Tuesday, March 18, 2014

Mankiw defending the one percent

(This is part of my article in the LSE's on line magazine Europp).
Despite growing concerns about income inequality, economist Gregory Mankiw has recently argued that inequalities are an unavoidable or even beneficial aspect of economic progress, and therefore the rich must fight to keep them. Robert Solow has replied to Mankiw, countering that the one per cent defend themselves well enough.
Mankiw’s core argument is that inequalities are necessary as incentives to encourage work and innovation, and that inequality is not dangerous for democracy because wealthy people are divided in their support for conservative and progressive causes. We should therefore go back to a “pre-Piketty” world, he suggests, where it is important to focus on eradicating poverty, but inappropriate to concentrate on the issue of inequality.

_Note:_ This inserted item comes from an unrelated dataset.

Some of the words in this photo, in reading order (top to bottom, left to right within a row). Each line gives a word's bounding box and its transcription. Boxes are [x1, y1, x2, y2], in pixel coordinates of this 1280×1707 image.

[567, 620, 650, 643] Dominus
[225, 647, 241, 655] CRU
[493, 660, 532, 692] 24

While it is true that a fully egalitarian society in terms of outcomes would be detrimental for wealth creation, it is hard to argue that the monetary incentives (for example in the financial industry) or returns on capital for the richest are truly necessary for value creation. Even the typical argument that entrepreneurs deserve to be extremely rich must be put into context, as many innovations (such as the Internet or the touch screen) were originally developed by government, as pointed out by Mariana Mazzucatto

In any case, the largest fortunes in the world do not exist for meritocratic reasons. Top incomes mostly come from executives in large companies, hedge funds, or from extremely wealthy heirs, as recently noted by Paul Krugman on his blog and Piketty in his book.

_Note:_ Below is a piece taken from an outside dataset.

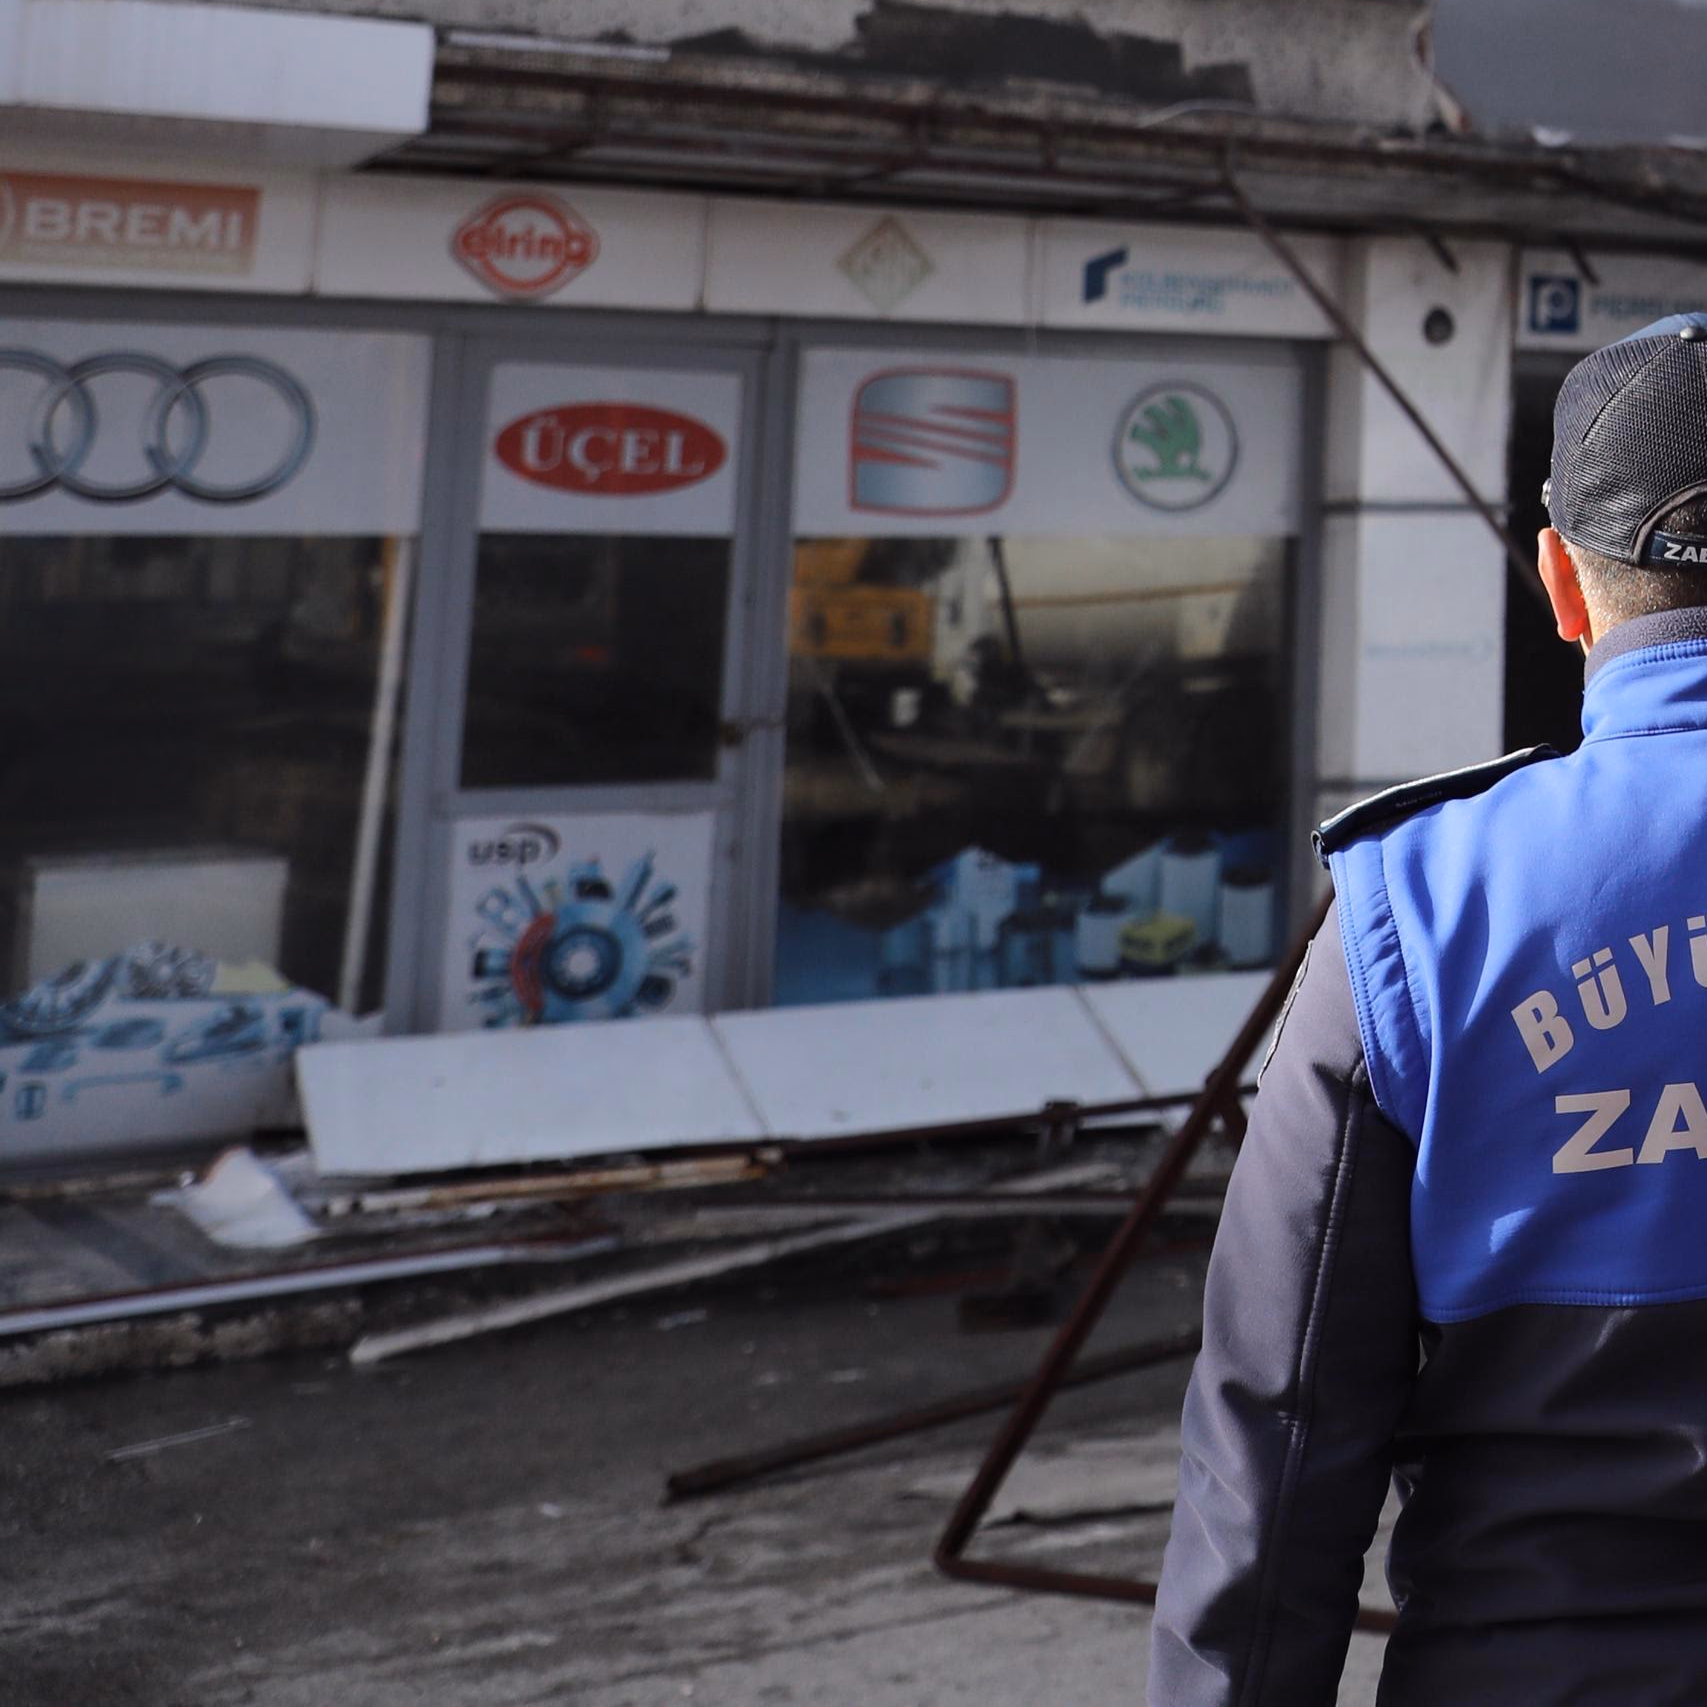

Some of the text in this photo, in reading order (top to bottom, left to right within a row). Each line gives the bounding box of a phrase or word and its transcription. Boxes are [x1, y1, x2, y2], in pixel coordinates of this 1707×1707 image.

[24, 196, 244, 251] BREMI
[460, 221, 594, 268] elring
[519, 422, 706, 482] ÜÇEL
[468, 838, 543, 870] usp

Mankiw’s other argument is that high inequality is not a danger to democracy. The political power of the wealthy should be considered neutral, since the wealthy support both conservative and progressive causes. However, the fact that they support non-conservative leaders or political parties does not imply that they support progressive or strongly egalitarian policies.
In fact, there are many instances of rich philanthropists focusing on poverty and child malnutrition, but not on income inequality. They may actually support progressive parties or politicians not because they believe in progressive causes, but in order to have influence over them and to pressure them not to adopt policies that might erode the position of the very wealthy. Such attempts to control the political process may not be successful in their own right. Nevertheless, as capital income continues to grow more than labour income (as explained by Piketty), it may lead to an increased risk of plutocracy. The rich will have even more resources to control public life, while their fortunes may escape national tax authorities (Piketty calculates world tax evasion at 10 per cent of global GDP). Democracy might not be reducing inequality because it is not working well enough. In the future, elites may have even more influence over the political process. They will promote causes that make them popular, but they will likely never call into question the mechanisms that allowed them to amass enormous fortunes. This may lead to the increasing privatisation of politics.